我们观察经典式和非经典式SQL语句的区别(以字符型为例):
- 经典式:
select * from table where id='$id' - 非经典式子:
select $_POST['post'] from table
可以很明显的看到,经典式的传参是$id,取得是列表中某个特定id的数据
而非经典式的传参是$_POST['post'],相当于列表中的列名
我们知道,列表的id一般是从1开始的,很少有id='0'的情况
而我们的表名是可以取’0’的,取’0’的话,语句就是 select '0' from table . 如果参数再加一个注释符的话,会怎么样呢?这个语句会显示上什么呢?我们刚才讲过了,这是非经典式SQL语句的某个特点,自己回去看看.
所以我们构造传入参数:
- 数字型:
0%23 - 字符型:
0'%23
注释符可以替换其他的
我们按依次尝试传入参数,如果最终页面没有报错,成功显示出一个数据0的话,那么就是非经典式SQL后端语句;反之,如果网页报错,或是没有反应,那么就是经典式SQL后端语句.

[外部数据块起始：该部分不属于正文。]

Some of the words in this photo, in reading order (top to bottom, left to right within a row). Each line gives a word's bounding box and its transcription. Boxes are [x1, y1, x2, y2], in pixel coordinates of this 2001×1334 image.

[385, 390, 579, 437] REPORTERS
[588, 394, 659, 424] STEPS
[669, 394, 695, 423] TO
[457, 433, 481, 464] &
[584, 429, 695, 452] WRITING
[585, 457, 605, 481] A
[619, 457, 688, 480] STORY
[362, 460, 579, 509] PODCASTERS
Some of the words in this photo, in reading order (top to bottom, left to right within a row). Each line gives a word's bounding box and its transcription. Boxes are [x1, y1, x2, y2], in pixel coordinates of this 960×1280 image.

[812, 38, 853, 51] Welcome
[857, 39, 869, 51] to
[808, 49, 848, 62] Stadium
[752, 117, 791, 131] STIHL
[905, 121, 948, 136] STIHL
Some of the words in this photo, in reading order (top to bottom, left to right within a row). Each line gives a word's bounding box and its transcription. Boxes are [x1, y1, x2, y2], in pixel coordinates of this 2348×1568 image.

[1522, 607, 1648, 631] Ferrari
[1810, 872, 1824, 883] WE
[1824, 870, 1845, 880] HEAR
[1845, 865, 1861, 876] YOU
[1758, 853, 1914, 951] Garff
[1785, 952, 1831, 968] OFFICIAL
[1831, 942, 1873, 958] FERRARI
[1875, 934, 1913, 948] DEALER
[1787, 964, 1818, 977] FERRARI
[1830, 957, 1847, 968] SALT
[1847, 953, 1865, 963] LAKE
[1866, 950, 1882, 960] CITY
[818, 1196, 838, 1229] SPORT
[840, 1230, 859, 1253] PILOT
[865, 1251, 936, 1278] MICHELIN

补充说明一下:只要上面的两种方案有一个成功,则已经表明是非经典式SQL后端语句。如果是数字型的payload成功,则可以知道该SQL语句参数为数字型;若是字符型的payload成功,若成功则可以知道该SQL语句参数为字符型
2.2 判断Mysql注入闭合方式
这里内容比较抽象,详尽可以参考知识点来源判断Mysql注入闭合方式
首先尝试:1.?id=1' 2.?id="
结果1:如果都报错. 判断闭合符为:整形闭合。
结果2:如果单引号报错,双引号不报错。继续尝试
?id=1'# (#可以换成其他注释符)
结果2.1:无报错. 判断闭合符为:单引号闭合。
结果2.2:报错. 判断闭合符可能为:单引号加括号。
结果1.2(1正常,2报错): 如果单引号不报错,双引号报错。继续尝试
?id=1"# (#可以换成其他注释符)
结果1.2.1:结果无报错判断闭合符为:双引号闭合。
按照以上步骤,按顺序测试即可.
结语
东西太多了,写得我累死了……….
反正做题的时候,按着步骤一个一个测试,差不多就能成功.
这里只是教你如何判断SQL后端语句参数的类型,具体下一步要怎么进行注入,我会在其他篇章中进一步介绍。读者也可以自行学习。